• INSTRUCTIONS FOR THE TASK: Write the data out verbatim.

[Records drawn from a dataset]

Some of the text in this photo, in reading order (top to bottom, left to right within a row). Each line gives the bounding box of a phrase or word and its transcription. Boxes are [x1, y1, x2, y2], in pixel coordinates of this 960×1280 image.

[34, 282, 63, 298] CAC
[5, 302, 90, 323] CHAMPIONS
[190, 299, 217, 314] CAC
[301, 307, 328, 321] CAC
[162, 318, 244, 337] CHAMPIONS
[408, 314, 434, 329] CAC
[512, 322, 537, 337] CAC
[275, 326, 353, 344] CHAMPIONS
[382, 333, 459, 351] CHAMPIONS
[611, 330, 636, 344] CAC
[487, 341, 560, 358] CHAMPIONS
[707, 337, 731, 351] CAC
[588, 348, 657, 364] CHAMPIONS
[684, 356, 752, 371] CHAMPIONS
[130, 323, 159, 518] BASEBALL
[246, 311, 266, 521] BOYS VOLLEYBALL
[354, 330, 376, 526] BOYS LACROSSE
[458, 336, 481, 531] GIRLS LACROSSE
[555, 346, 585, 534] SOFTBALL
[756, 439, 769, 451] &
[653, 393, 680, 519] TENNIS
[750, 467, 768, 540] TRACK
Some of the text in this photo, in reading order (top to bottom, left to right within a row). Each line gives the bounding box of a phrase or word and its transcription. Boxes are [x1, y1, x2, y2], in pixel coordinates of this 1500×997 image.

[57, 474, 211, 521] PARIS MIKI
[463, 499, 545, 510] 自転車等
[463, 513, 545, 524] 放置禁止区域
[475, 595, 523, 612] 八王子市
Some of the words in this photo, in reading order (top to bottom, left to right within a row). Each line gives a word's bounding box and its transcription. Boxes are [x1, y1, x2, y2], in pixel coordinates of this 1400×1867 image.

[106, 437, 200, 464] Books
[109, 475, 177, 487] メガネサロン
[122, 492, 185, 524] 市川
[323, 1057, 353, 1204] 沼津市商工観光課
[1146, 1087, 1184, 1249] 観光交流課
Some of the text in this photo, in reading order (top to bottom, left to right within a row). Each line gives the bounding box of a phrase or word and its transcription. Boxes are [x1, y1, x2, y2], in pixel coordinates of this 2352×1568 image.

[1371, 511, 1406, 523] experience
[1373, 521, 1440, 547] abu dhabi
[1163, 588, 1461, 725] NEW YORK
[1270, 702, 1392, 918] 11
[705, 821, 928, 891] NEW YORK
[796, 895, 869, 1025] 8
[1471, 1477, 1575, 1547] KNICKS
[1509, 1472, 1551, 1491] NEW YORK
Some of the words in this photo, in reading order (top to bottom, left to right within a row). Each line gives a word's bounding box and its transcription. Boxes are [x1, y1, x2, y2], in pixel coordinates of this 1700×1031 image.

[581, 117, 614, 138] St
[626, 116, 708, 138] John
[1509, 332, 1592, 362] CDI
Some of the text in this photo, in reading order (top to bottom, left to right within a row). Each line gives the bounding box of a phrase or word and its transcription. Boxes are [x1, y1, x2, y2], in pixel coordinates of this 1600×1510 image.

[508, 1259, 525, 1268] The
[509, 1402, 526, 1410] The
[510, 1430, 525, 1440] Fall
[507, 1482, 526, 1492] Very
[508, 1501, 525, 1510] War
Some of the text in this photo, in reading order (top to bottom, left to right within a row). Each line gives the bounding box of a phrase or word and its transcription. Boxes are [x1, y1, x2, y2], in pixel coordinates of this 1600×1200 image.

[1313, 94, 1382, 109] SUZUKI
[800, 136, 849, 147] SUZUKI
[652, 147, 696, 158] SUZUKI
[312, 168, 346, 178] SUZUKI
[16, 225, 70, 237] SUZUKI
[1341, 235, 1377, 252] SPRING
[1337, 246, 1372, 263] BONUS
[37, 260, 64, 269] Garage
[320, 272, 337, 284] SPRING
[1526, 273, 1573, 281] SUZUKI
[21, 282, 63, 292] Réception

• YOUR SOLUTION:
Some of the text in this photo, in reading order (top to bottom, left to right within a row). Each line gives the bounding box of a phrase or word and its transcription. Boxes are [x1, y1, x2, y2], in pixel coordinates of this 960×1280 image.

[34, 282, 63, 298] CAC
[5, 302, 90, 323] CHAMPIONS
[190, 299, 217, 314] CAC
[301, 307, 328, 321] CAC
[162, 318, 244, 337] CHAMPIONS
[408, 314, 434, 329] CAC
[512, 322, 537, 337] CAC
[275, 326, 353, 344] CHAMPIONS
[382, 333, 459, 351] CHAMPIONS
[611, 330, 636, 344] CAC
[487, 341, 560, 358] CHAMPIONS
[707, 337, 731, 351] CAC
[588, 348, 657, 364] CHAMPIONS
[684, 356, 752, 371] CHAMPIONS
[130, 323, 159, 518] BASEBALL
[246, 311, 266, 521] BOYS VOLLEYBALL
[354, 330, 376, 526] BOYS LACROSSE
[458, 336, 481, 531] GIRLS LACROSSE
[555, 346, 585, 534] SOFTBALL
[756, 439, 769, 451] &
[653, 393, 680, 519] TENNIS
[750, 467, 768, 540] TRACK
Some of the text in this photo, in reading order (top to bottom, left to right within a row). Each line gives the bounding box of a phrase or word and its transcription. Boxes are [x1, y1, x2, y2], in pixel coordinates of this 1500×997 image.

[57, 474, 211, 521] PARIS MIKI
[463, 499, 545, 510] 自転車等
[463, 513, 545, 524] 放置禁止区域
[475, 595, 523, 612] 八王子市
Some of the words in this photo, in reading order (top to bottom, left to right within a row). Each line gives a word's bounding box and its transcription. Boxes are [x1, y1, x2, y2], in pixel coordinates of this 1400×1867 image.

[106, 437, 200, 464] Books
[109, 475, 177, 487] メガネサロン
[122, 492, 185, 524] 市川
[323, 1057, 353, 1204] 沼津市商工観光課
[1146, 1087, 1184, 1249] 観光交流課
Some of the text in this photo, in reading order (top to bottom, left to right within a row). Each line gives the bounding box of a phrase or word and its transcription. Boxes are [x1, y1, x2, y2], in pixel coordinates of this 2352×1568 image.

[1371, 511, 1406, 523] experience
[1373, 521, 1440, 547] abu dhabi
[1163, 588, 1461, 725] NEW YORK
[1270, 702, 1392, 918] 11
[705, 821, 928, 891] NEW YORK
[796, 895, 869, 1025] 8
[1471, 1477, 1575, 1547] KNICKS
[1509, 1472, 1551, 1491] NEW YORK
Some of the words in this photo, in reading order (top to bottom, left to right within a row). Each line gives a word's bounding box and its transcription. Boxes are [x1, y1, x2, y2], in pixel coordinates of this 1700×1031 image.

[581, 117, 614, 138] St
[626, 116, 708, 138] John
[1509, 332, 1592, 362] CDI
Some of the text in this photo, in reading order (top to bottom, left to right within a row). Each line gives the bounding box of a phrase or word and its transcription. Boxes are [x1, y1, x2, y2], in pixel coordinates of this 1600×1510 image.

[508, 1259, 525, 1268] The
[509, 1402, 526, 1410] The
[510, 1430, 525, 1440] Fall
[507, 1482, 526, 1492] Very
[508, 1501, 525, 1510] War
Some of the text in this photo, in reading order (top to bottom, left to right within a row). Each line gives the bounding box of a phrase or word and its transcription. Boxes are [x1, y1, x2, y2], in pixel coordinates of this 1600×1200 image.

[1313, 94, 1382, 109] SUZUKI
[800, 136, 849, 147] SUZUKI
[652, 147, 696, 158] SUZUKI
[312, 168, 346, 178] SUZUKI
[16, 225, 70, 237] SUZUKI
[1341, 235, 1377, 252] SPRING
[1337, 246, 1372, 263] BONUS
[37, 260, 64, 269] Garage
[320, 272, 337, 284] SPRING
[1526, 273, 1573, 281] SUZUKI
[21, 282, 63, 292] Réception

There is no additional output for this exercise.